Desde sua chegada aos Estados Unidos, Carmen tornou-se dependente de barbitúricos. Para suportar sua rotina exaustiva, recorria a calmantes e estimulantes em excesso. Em 1948, engravidou após várias tentativas, mas sofreu um aborto espontâneo que comprometeu sua capacidade reprodutiva. O episódio agravou sua depressão e intensificou o consumo de álcool, cigarro e remédios. Em dezembro de 1954, após 14 anos ausente, retornou ao Brasil. Na década de 1940, havia sido duramente criticada por sua imagem caricata e pela suposta contribuição ao estereótipo do brasileiro. Magoada, respondeu com a música “Disseram que eu voltei americanizada”. Durante essa última visita, se isolou no Copacabana Palace, a pedido de um médico que tentou tratar sua dependência — que diminuiu, mas não cessou.

Recuperada, voltou à rotina de turnês e apresentações. A CBS chegou a propor uma sitcom própria para ela, nos moldes de I Love Lucy, intitulada The Carmen Miranda Show. Mas, antes de finalizar o projeto, Carmen precisou gravar uma participação no Jimmy Durante Show, no dia 4 de agosto de 1955. Durante a gravação, tropeçou e demonstrou cansaço, mas encerrou o programa dançando, sorrindo e enviando beijos ao público.

Aquela foi sua última aparição em vida.

Horas depois, em sua casa em Beverly Hills, recebeu amigos e colegas do elenco. No segundo andar da residência, sofreu um ataque cardíaco fulminante e faleceu, aos 46 anos. A notícia comoveu o mundo — especialmente o Brasil. Seu corpo foi trazido de volta ao Rio de Janeiro, onde milhares de fãs se despediram. Diz-se que seu cortejo fúnebre foi maior até do que o de Getúlio Vargas, que havia falecido no ano anterior.

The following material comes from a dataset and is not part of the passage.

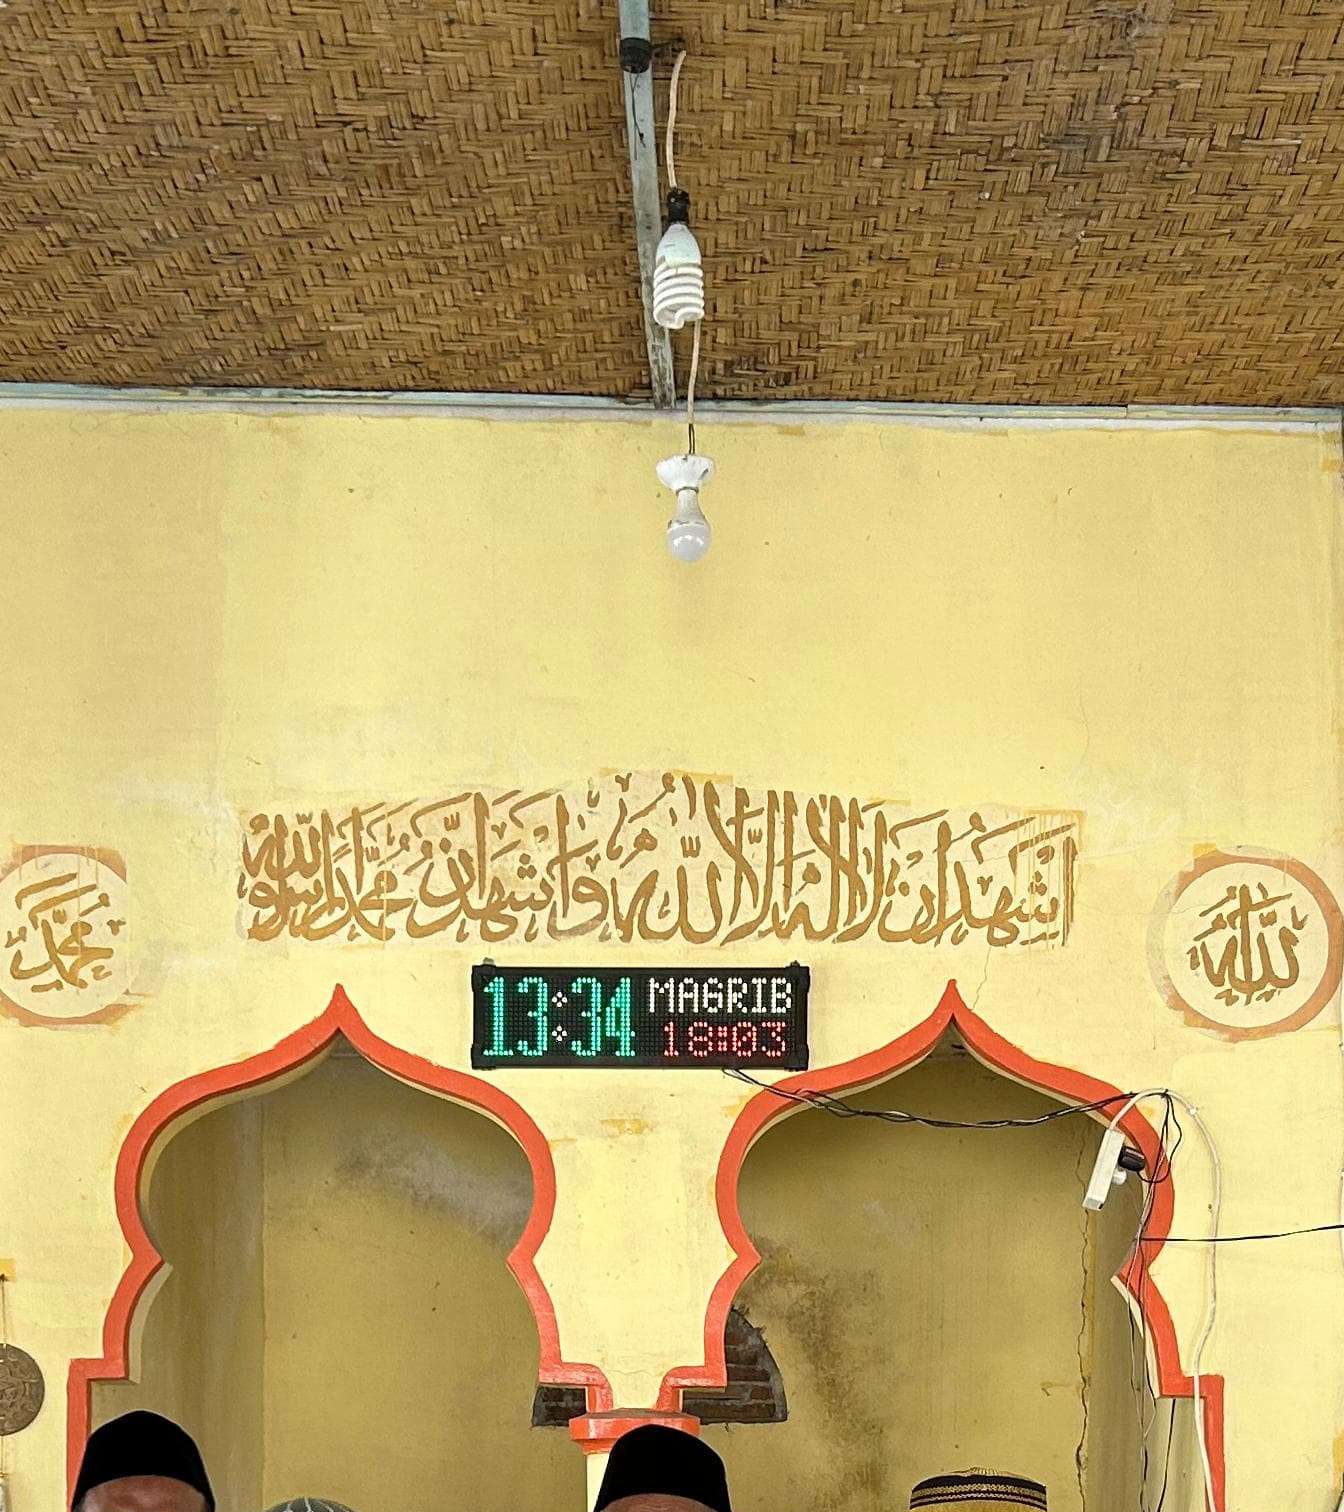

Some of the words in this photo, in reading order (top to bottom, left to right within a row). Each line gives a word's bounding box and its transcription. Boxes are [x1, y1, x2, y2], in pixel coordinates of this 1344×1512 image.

[649, 977, 792, 1013] MAGRIB
[483, 976, 636, 1057] 13:34
[664, 1021, 786, 1057] 18:03

O Legado de Carmen Miranda

Carmen Miranda permanece como uma das figuras brasileiras mais reconhecidas internacionalmente. Sua imagem tropical e exuberante — ainda que distante da realidade brasileira — tornou-se um símbolo da cultura popular global. Suas interpretações de clássicos da música brasileira continuam sendo ouvidas, especialmente durante o Carnaval. Apesar das críticas à sua suposta “americanização”, Carmen nunca escondeu o orgulho que sentia de suas raízes brasileiras. Sua trajetória foi interrompida de forma precoce, mas sua influência continua presente em diversas áreas do entretenimento. Mais do que um rosto bonito, Carmen foi um marco em sua geração — e continua sendo, até hoje, uma estrela que brilha com força no imaginário brasileiro e mundial.